Le sourire d’Yvan, son talent à trouver les poissons les plus beaux, sont un appel à revenir… Ce fut fait, pas plus tard que le lendemain, ma fille me conviant à cette adresse que j’avais vantée. Les restes des vins de la veille étaient toujours là, la hauteur du niveau indiquant ceux que nous avions aimés. Le rouge 1920 est toujours mort, mais serait devenu presque buvable. Le Samos est éblouissant, alors que le demi-doux 1948 montre des signes de fatigue, tout en gardant sa jolie complexité. Le Laville Haut-Brion 1983 est impérial de sérénité. J’ai goûté son charme exquis plus encore que la veille. Ce vin est éblouissant. Je m’attendais à ce que ma fille aux tendances parkériennes apprécie le Bagnard 2004, mais j’avais l’arme fatale, un Mas des Baguiers, Bandol 1989 qui lui fit oublier le jeune vin brutal pour des saveurs subtiles adaptées aux calamars, aux seiches et à la langouste. Pour la petite friture de rougets et le Pata Negra, la Cuvée Grand Siècle de Laurent Perrier est l’accompagnement idéal. Une nouvelle belle soirée dans un cadre enchanteur chez un artiste des poissons.

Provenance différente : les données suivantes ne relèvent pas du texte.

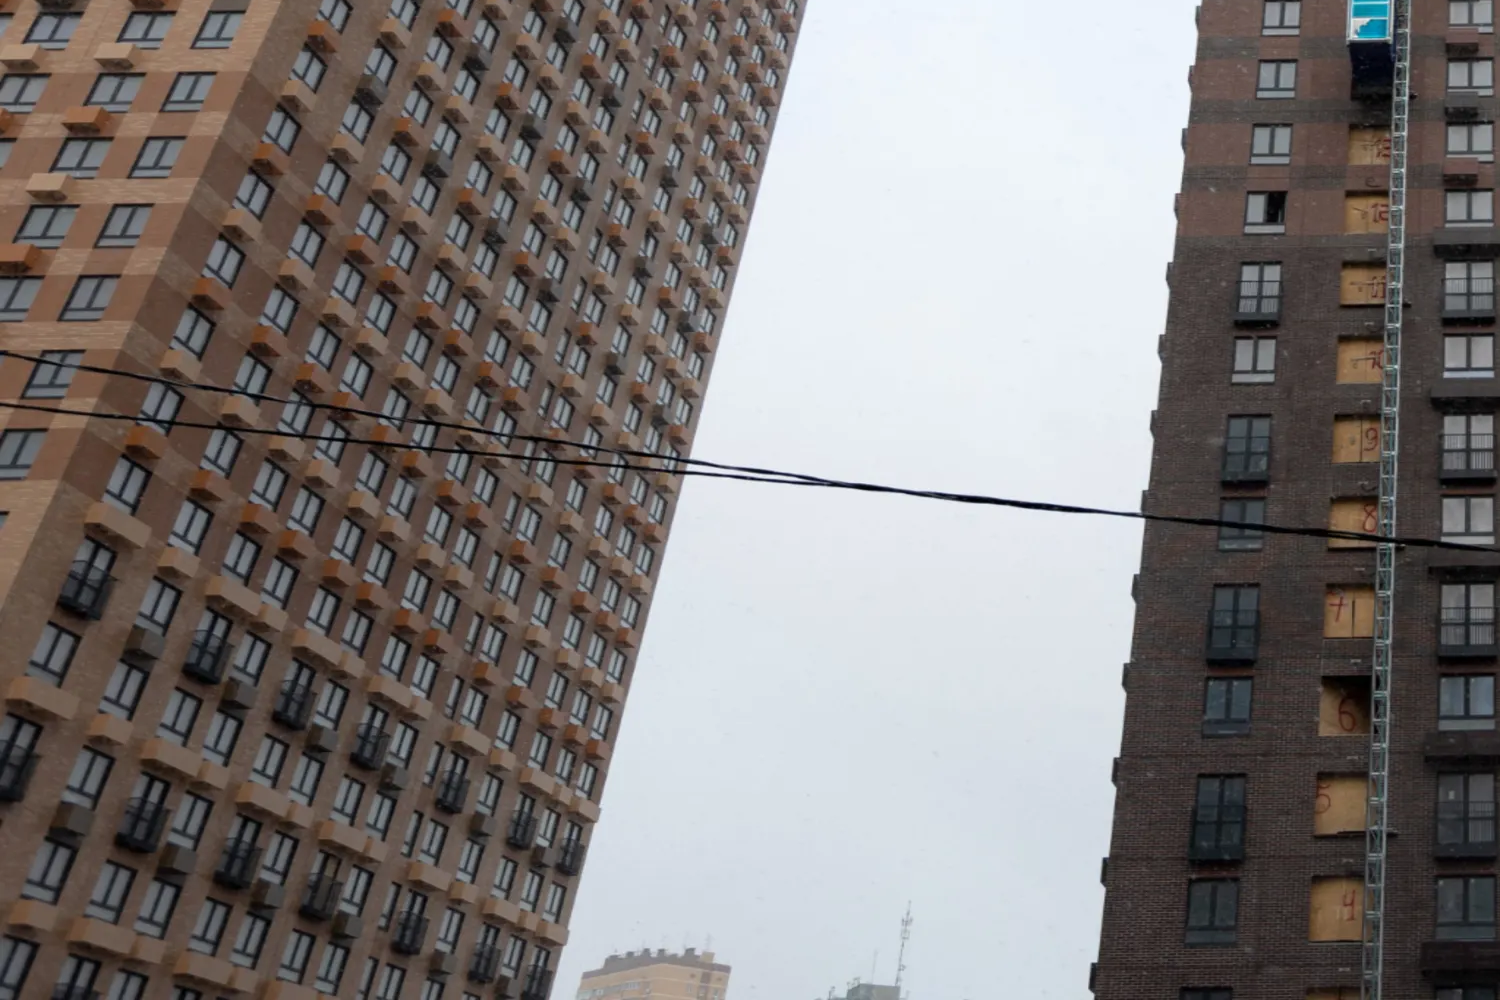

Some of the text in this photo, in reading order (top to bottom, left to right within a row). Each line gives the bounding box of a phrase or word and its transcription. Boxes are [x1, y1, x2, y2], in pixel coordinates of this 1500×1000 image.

Je suis invité par des voisins. La répartition des tâches est la suivante : un ami apporte les sorbets de chez Ré, les meilleurs de la région, le voisin nous apprend à cuire les langoustes, et je suis en charge du vin, sauf le champagne. La décision ayant été prise très tard, les langoustes seront étrangères et non filles du pays. L’apéritif est un champagne Mumm 1998 avec des confits fourrés au foie gras. Les langoustes sont absolument délicieuses, à la cuisson astucieuse et orthodoxe. Elles sont associées à trois vins. Le Château Figeac 1988 est épanoui, joyeux, et montre la précision de sa structure raffinée. Le Beaune-Grèves Vigne de l’Enfant Jésus Bouchard Père & Fils 1976 est un peu plus difficile à comprendre pour les néophytes de cette table. Je lui trouve le charme bourguignon que j’apprécie, sous une présentation relativement discrète. Le Châteauneuf du Pape Domaine Saint-Préfert 1996 est le plus modeste des trois, mais sait donner de la voix. On s’amuse à faire des constatations intéressantes : sur le corail, c’est le Chateauneuf-du-Pape qui s’exprime le mieux. Lorsque la chair est associée à des feuilles de sauge, c’est le Figeac qui brille le plus. Et sur la chair seule, c’est le Beaune-Grèves qui – à mon palais – a plus de pétulance. Mes hôtes, découvrant que l’on peut s’intéresser à des questions qui ne les effleurent habituellement pas, sont ravis de cette expérience. Les délicieux sorbets sur un nouveau Mumm paraphent un dîner fort amical, de vin, de mer et de plaisir.